Department of Oral and Maxillofacial Surgery, Faculty of Dentistry, University of Oslo, Oslo, Norway.
Clinical Oral Research Laboratory, Faculty of Dentistry, University of Oslo, Oslo, Norway.
Acta Odontol Scand. 2021 Apr;79(3):205-211. doi: 10.1080/00016357.2020.1817546. Epub 2020 Sep 8.
The aims of the present study were to evaluate the relative incidence of alveolar osteitis (AO) after mandibular third molar surgery, post-operative findings and local expression of bone markers and cytokines.
In 445 patients, unilateral surgical third molars extractions were undertaken (584 teeth). Bone markers and cytokines were explored at the AO side and on the un-operated contralateral side and compared with the levels in samples from a control group of 18 persons without AO.

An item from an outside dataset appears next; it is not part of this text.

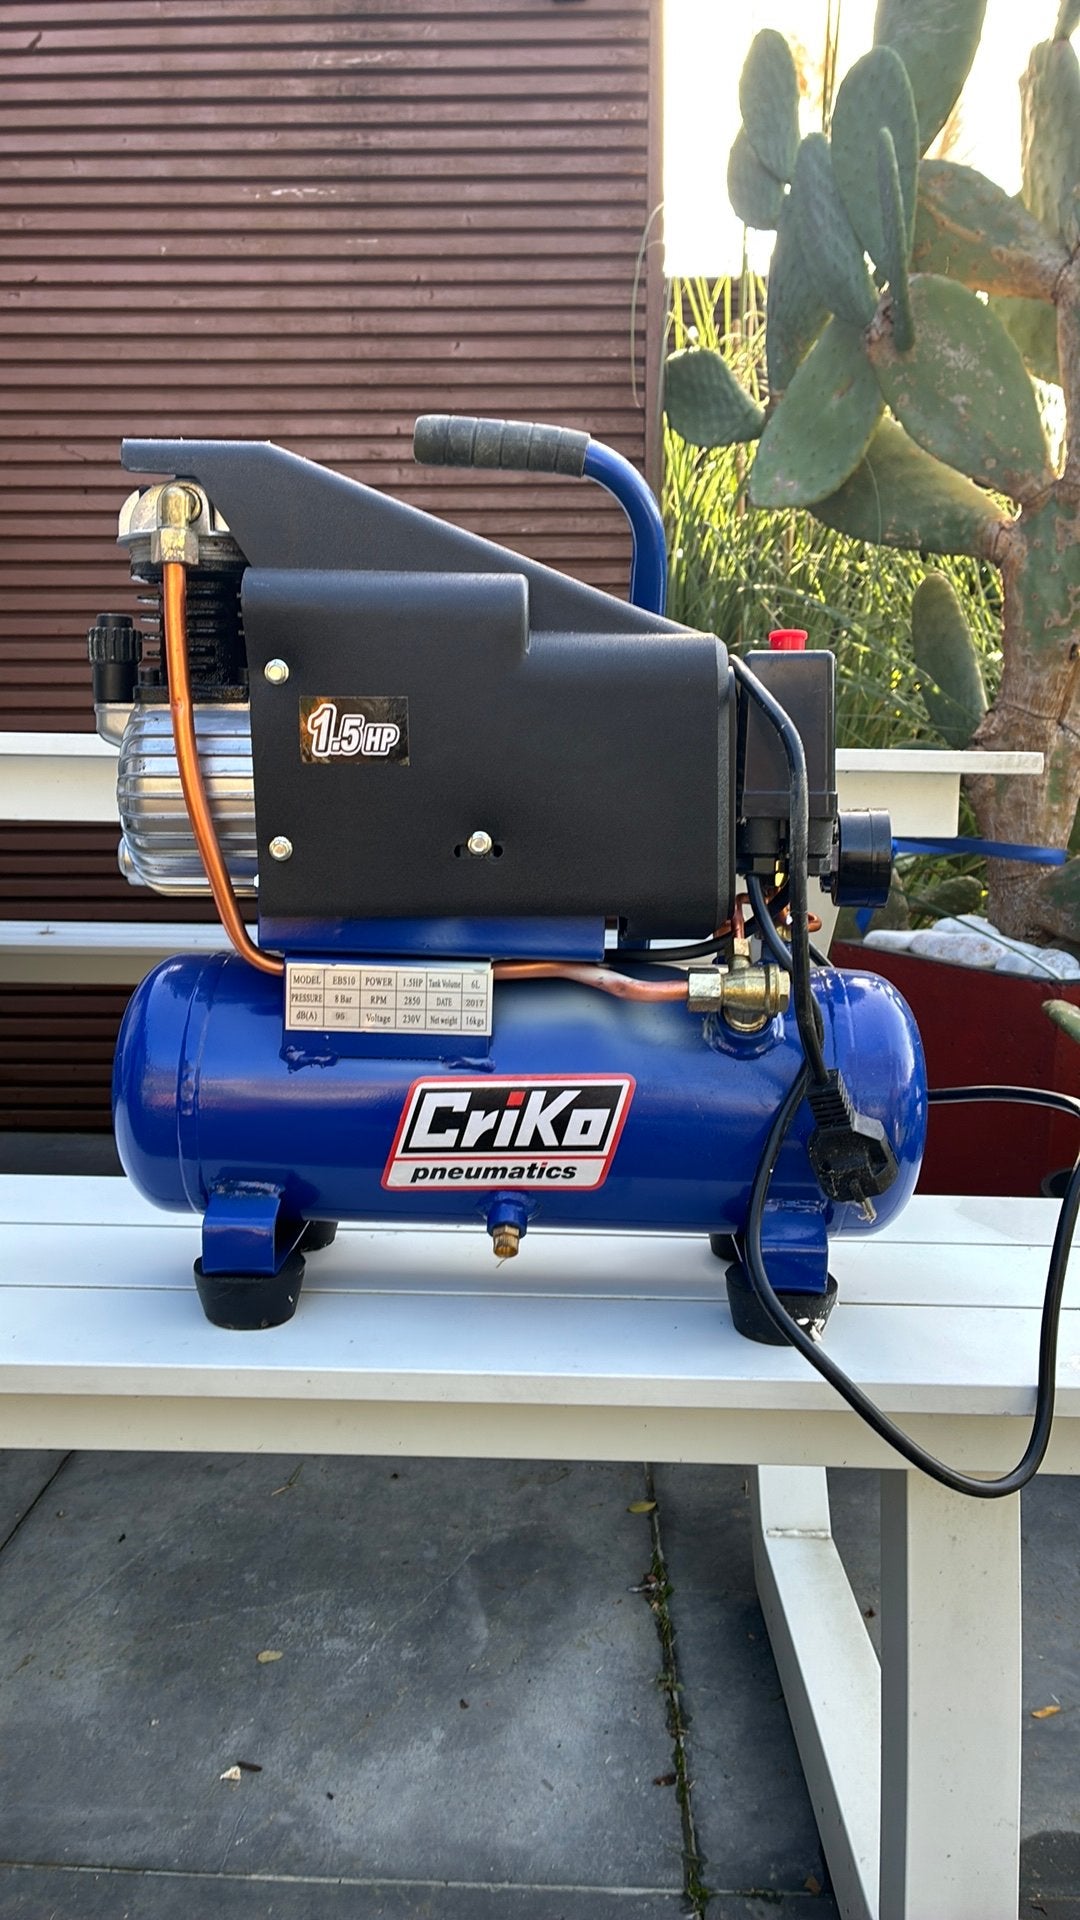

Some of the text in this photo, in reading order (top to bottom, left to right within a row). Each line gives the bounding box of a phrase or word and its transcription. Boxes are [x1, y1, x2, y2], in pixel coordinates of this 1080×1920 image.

The relative incidence of AO was 4.6%. Patients ( = 27) with AO were invited to participate in the study and 21 (77.8%) did so. Patients with AO had 1-4 extra visits for treatment of AO, the mean follow-up time was 2.6 days for all patients. There were significantly higher levels of bone markers and cytokines in the AO site compared with the un-operated contralateral site, except for Epidermal growth factor (EGF). No significant difference in expression of bone markers and cytokines between the AO and control groups was found. Lower maximum inter-incisor opening (MIO) was correlated with increased Macrophage inflammatory protein 1 alpha. A negative correlation between patients' complaint of trismus and MIO was seen.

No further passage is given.